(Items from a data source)
###

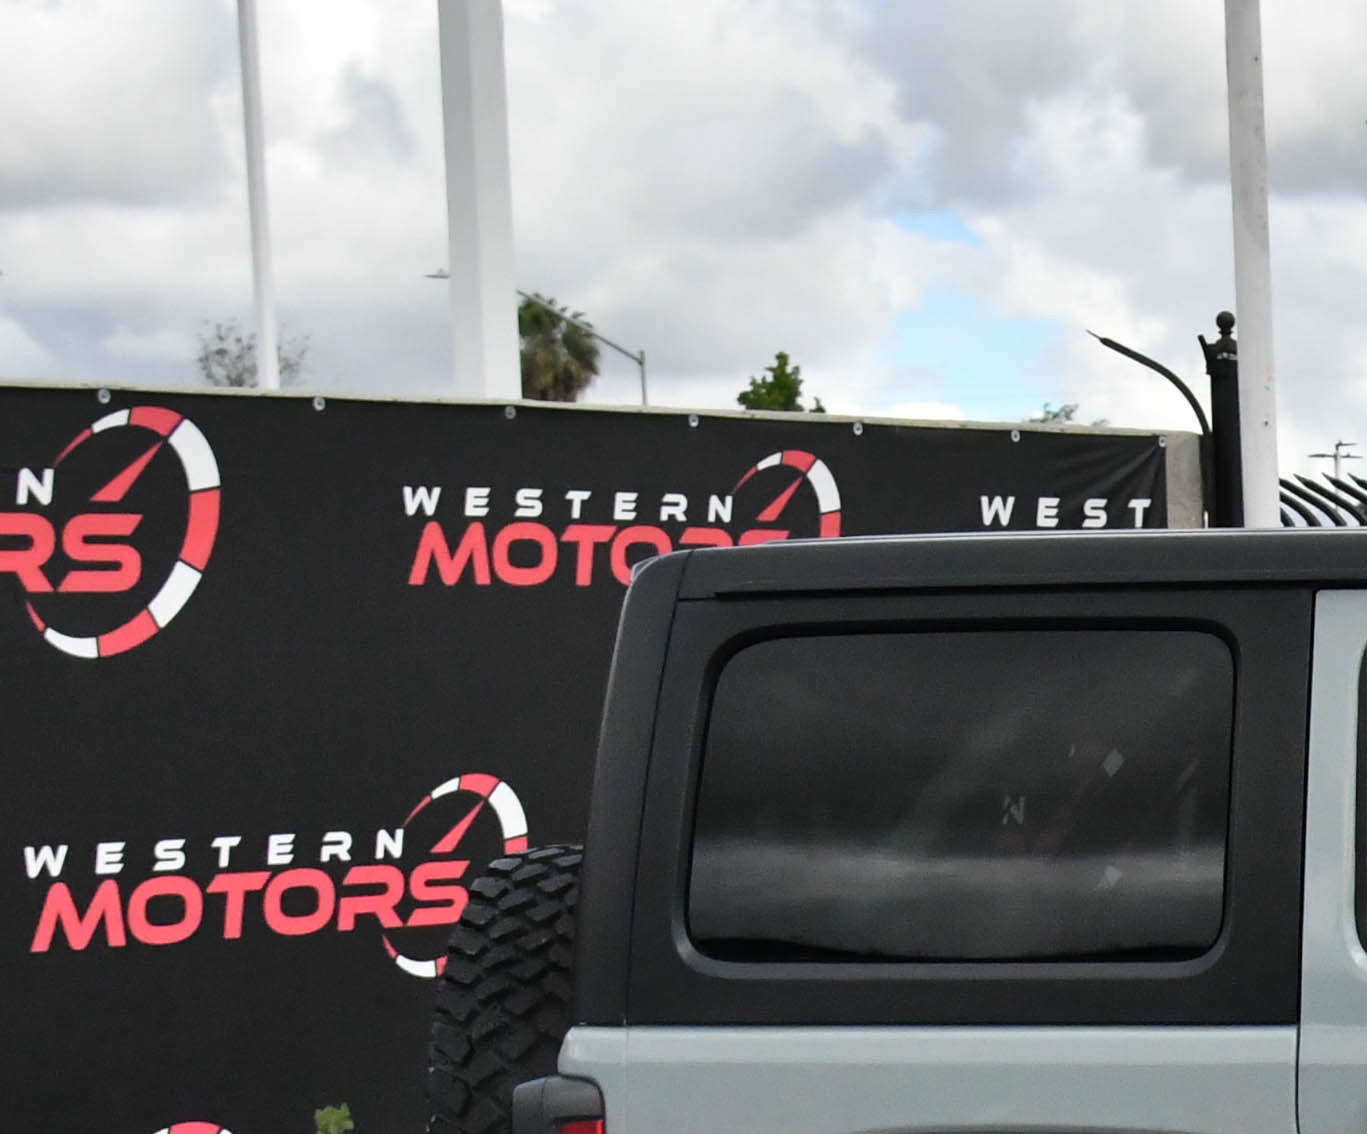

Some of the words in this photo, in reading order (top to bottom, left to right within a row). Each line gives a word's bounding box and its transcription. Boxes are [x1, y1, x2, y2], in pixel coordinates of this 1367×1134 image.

[402, 486, 734, 523] WESTERN
[980, 496, 1152, 528] WEST
[407, 521, 791, 587] MOTO
[24, 828, 405, 879] WESTERN
[30, 859, 471, 953] MOTORS
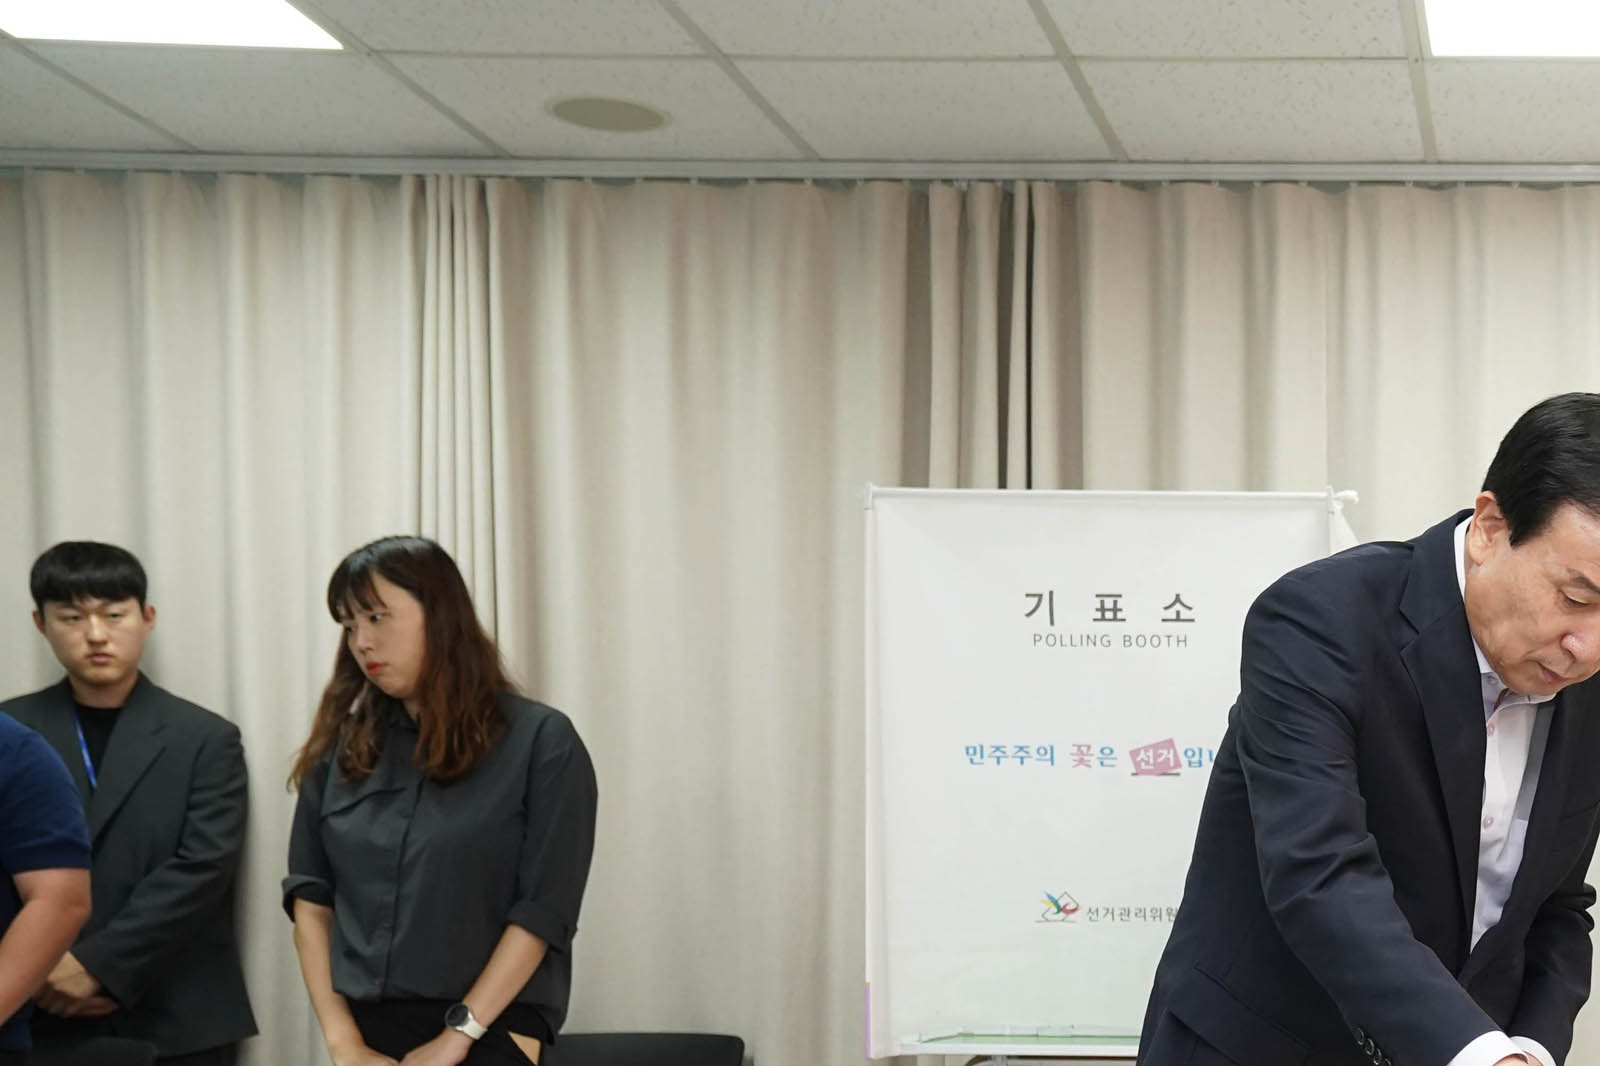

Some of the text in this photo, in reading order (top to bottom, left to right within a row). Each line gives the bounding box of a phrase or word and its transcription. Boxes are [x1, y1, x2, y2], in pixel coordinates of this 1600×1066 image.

[1034, 634, 1187, 648] POLLING BOOTH
[965, 744, 1214, 769] 민주주의 꽃은 선거입
[1086, 906, 1178, 921] 선거관리위원

###

→ WHAT IS BEING ASKED
Output the entries exactly as they appear, with no pictures included.

→ EXERCISE OUTPUT
Some of the words in this photo, in reading order (top to bottom, left to right within a row). Each line gives a word's bounding box and its transcription. Boxes are [x1, y1, x2, y2], in pixel coordinates of this 1367×1134 image.

[402, 486, 734, 523] WESTERN
[980, 496, 1152, 528] WEST
[407, 521, 791, 587] MOTO
[24, 828, 405, 879] WESTERN
[30, 859, 471, 953] MOTORS

Some of the text in this photo, in reading order (top to bottom, left to right within a row). Each line gives the bounding box of a phrase or word and its transcription. Boxes are [x1, y1, x2, y2], in pixel coordinates of this 1600×1066 image.

[1034, 634, 1187, 648] POLLING BOOTH
[965, 744, 1214, 769] 민주주의 꽃은 선거입
[1086, 906, 1178, 921] 선거관리위원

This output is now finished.